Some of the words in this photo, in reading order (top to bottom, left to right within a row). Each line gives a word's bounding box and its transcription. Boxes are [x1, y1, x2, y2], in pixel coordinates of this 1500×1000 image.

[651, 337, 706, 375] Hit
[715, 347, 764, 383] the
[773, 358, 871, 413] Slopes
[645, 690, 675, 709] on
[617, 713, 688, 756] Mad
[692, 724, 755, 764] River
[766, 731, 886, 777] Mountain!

====

### EXERCISE REQUIREMENTS
Output all of the entries without altering a single word.

### FINAL ANSWER
Some of the words in this photo, in reading order (top to bottom, left to right within a row). Each line gives a word's bounding box and its transcription. Boxes are [x1, y1, x2, y2], in pixel coordinates of this 1500×1000 image.

[651, 337, 706, 375] Hit
[715, 347, 764, 383] the
[773, 358, 871, 413] Slopes
[645, 690, 675, 709] on
[617, 713, 688, 756] Mad
[692, 724, 755, 764] River
[766, 731, 886, 777] Mountain!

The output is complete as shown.